Mortos pela ditadura terão correção de certidões

Recriada em julho deste ano, a Comissão Especial sobre Mortos e Desaparecidos Políticos, que retomou seus trabalhos oficialmente na última sexta-feira, 30 de agosto, recomendou ao Conselho Nacional de Justiça a correção de certidões de mortos pela ditadura.

A medida consta como uma das recomendações feita pelo relatório final da Comissão Nacional da Verdade.

Marco importante na luta por justiça e reconhecimento das violações cometidas durante a ditadura militar, a Comissão Especial sobre Mortes e Desaparecidos Políticos indica que em 407 dos 434 casos de mortes e desaparecimentos que a CNV confirmou em 2014, os termos lavrados nos documentos não refletem a real causa dos óbitos.

De acordo com o ministro dos Direitos Humanos, Silvio Almeida, a proposta é que o CNJ determine aos cartórios de todo o país que corrijam as certidões com um modelo de certidão no qual o Estado reconhece a morte não natural, violenta, causada por perseguição política pelas forças repressivas do Estado.

Representante de Familiares na Comissão Especial sobre Mortos e Desaparecidos Políticos desde 2005, Diva Soares Santana, de 80 anos, tem a irmã Dinaelza Soares Santana Coqueiro, morta por militares durante a repressão à Guerrilha do Araguaia, no Pará, dada como desaparecida até hoje.
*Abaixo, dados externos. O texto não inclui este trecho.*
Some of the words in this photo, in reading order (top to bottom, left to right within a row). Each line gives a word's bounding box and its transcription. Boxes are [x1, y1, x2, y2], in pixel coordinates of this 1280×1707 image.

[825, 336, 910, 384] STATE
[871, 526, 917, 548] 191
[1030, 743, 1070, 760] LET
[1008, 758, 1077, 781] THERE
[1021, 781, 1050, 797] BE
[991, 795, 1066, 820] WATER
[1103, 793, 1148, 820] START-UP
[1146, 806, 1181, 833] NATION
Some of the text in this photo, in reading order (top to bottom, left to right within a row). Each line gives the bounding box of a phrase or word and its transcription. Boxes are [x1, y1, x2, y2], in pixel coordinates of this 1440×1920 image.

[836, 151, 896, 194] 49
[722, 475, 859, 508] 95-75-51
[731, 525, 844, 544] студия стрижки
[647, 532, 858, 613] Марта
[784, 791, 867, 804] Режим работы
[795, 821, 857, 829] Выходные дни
No documento de óbito entregue à família, não constam informações básicas de como ela morreu e onde foi sepultada.

Para Andrea Depiere, professora de Direito da Universidade Federal de Sergipe, a retomada da Comissão Especial de Mortos e Desaparecidos, criada em 1995, e da Comissão da Anistia, criada em 2002, são passos importantes para o amadurecimento de uma Justiça por Memória, Verdade e Reparação. De 2015 a 2019, ela esteve à frente da Comissão Estadual da Verdade em Sergipe.
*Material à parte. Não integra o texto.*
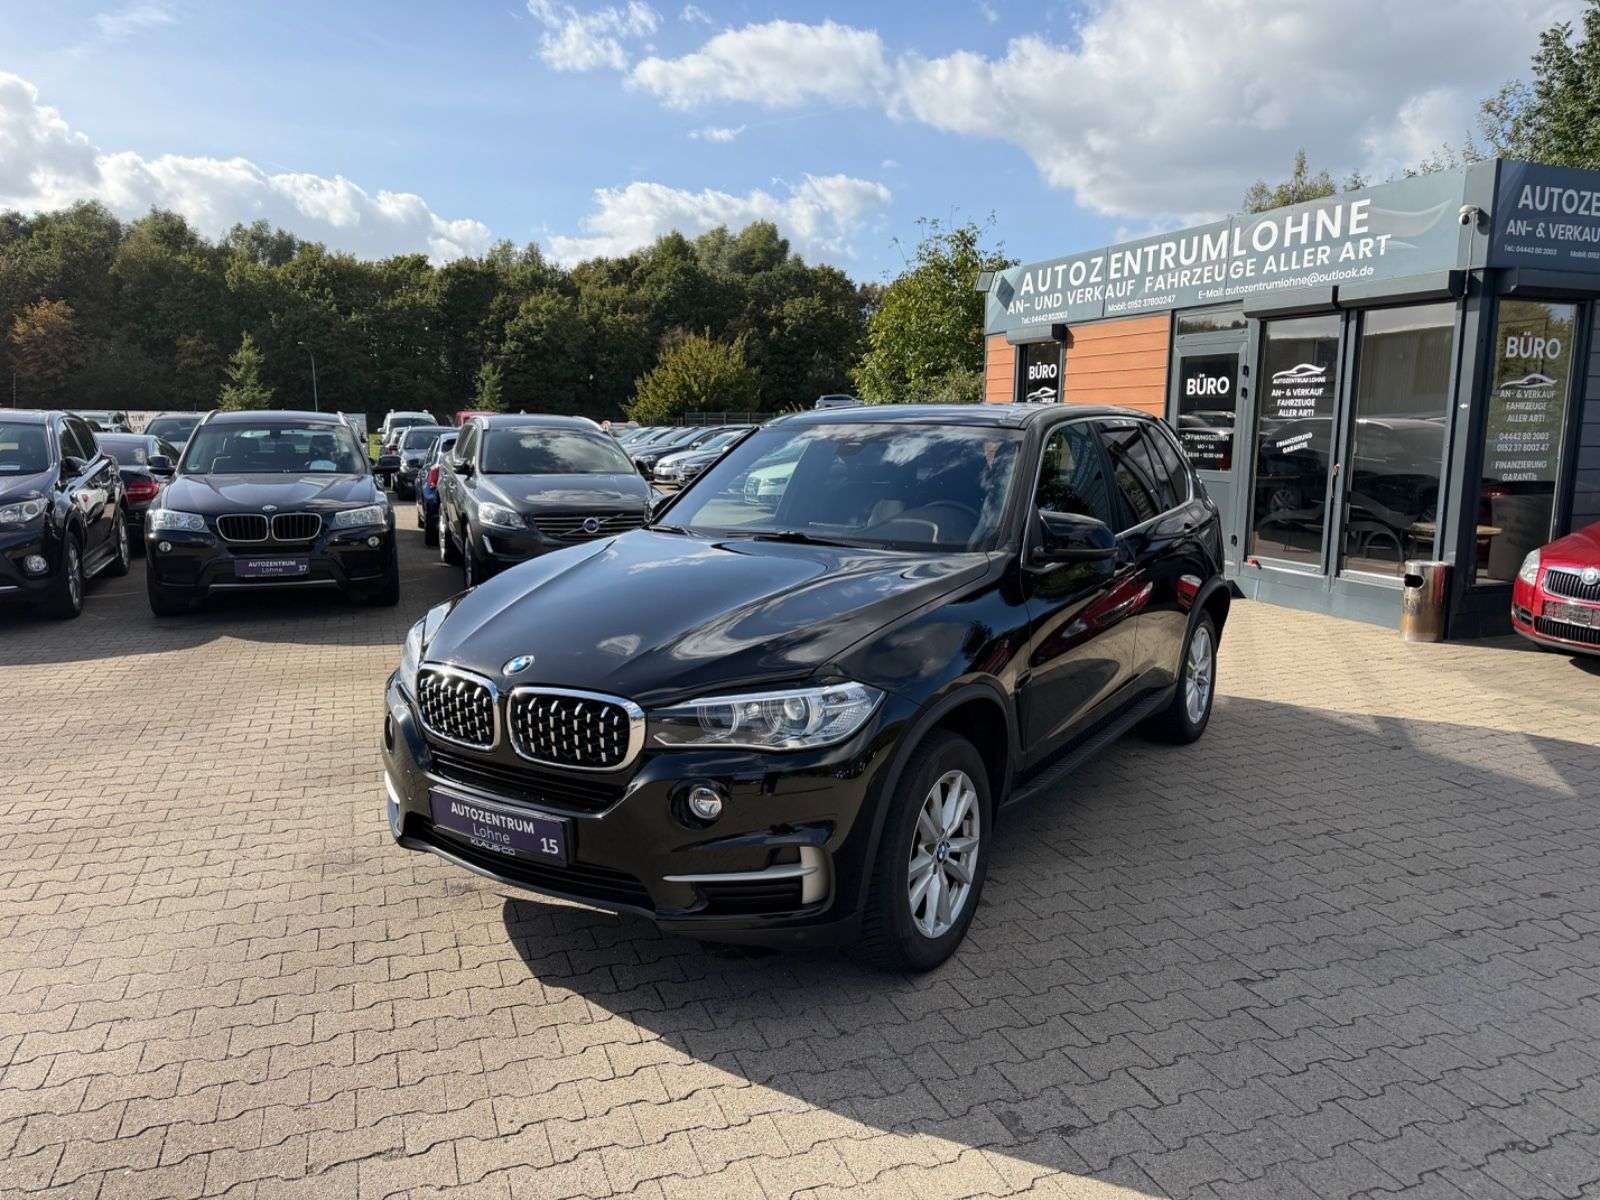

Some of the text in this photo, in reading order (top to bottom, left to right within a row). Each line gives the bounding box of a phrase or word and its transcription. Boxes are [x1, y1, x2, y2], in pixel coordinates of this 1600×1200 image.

[1506, 219, 1533, 236] AN-
[1535, 222, 1545, 238] &
[1007, 233, 1392, 315] AN- UND VERKAUF FAHRZEUGE ALLER ART
[1225, 265, 1375, 296] autozentrumlohne@outlook.de
[1505, 331, 1562, 359] BÜRO
[1029, 361, 1057, 380] BÜRO
[1186, 373, 1230, 395] BÜRO
[1285, 388, 1292, 397] &
[1292, 387, 1324, 396] VERKAUF
[1277, 398, 1315, 407] FAHRZEUGE
[1516, 389, 1523, 398] &
[1524, 390, 1556, 399] VERKAUF
[1278, 408, 1297, 417] ALLER
[1506, 401, 1546, 410] FAHRZEUGE
[1506, 414, 1528, 422] ALLER
[248, 560, 296, 568] AUTOZENTRUM
[451, 801, 535, 834] AUTOZENTRUM
[472, 822, 511, 845] Lohne
[540, 837, 559, 855] 15
E o  Ministério Público Federal em São Paulo entrou com uma ação na Justiça Federal pedindo a responsabilização de 46 ex-agentes da ditadura militar por envolvimento direto ou indireto em torturas, mortes e desaparecimentos de 15 opositores à ditadura.

Segundo o órgão, todos eram ligados a unidades de repressão como o Destacamento de Operações de Informação – Centro de Operações de Defesa Interna (DOI-Codi), o Departamento de Ordem Política e Social (Dops) e o Instituto Médico Legal em São Paulo.

A ação é no âmbito civil e pede, entre outras coisas, que estes ex-agentes ou suas famílias – no caso de eles já terem falecido – façam o ressarcimento ao Estado brasileiro, uma vez que o país precisou indenizar as vítimas da ditadura.

Entre os réus estão o ex-delegado do Dops Sérgio Paranhos Fleury, morto em 1979, e o ex-comandante do DOI-Codi Carlos Alberto Brilhante Ustra, morto em 2015. (Agência Brasil)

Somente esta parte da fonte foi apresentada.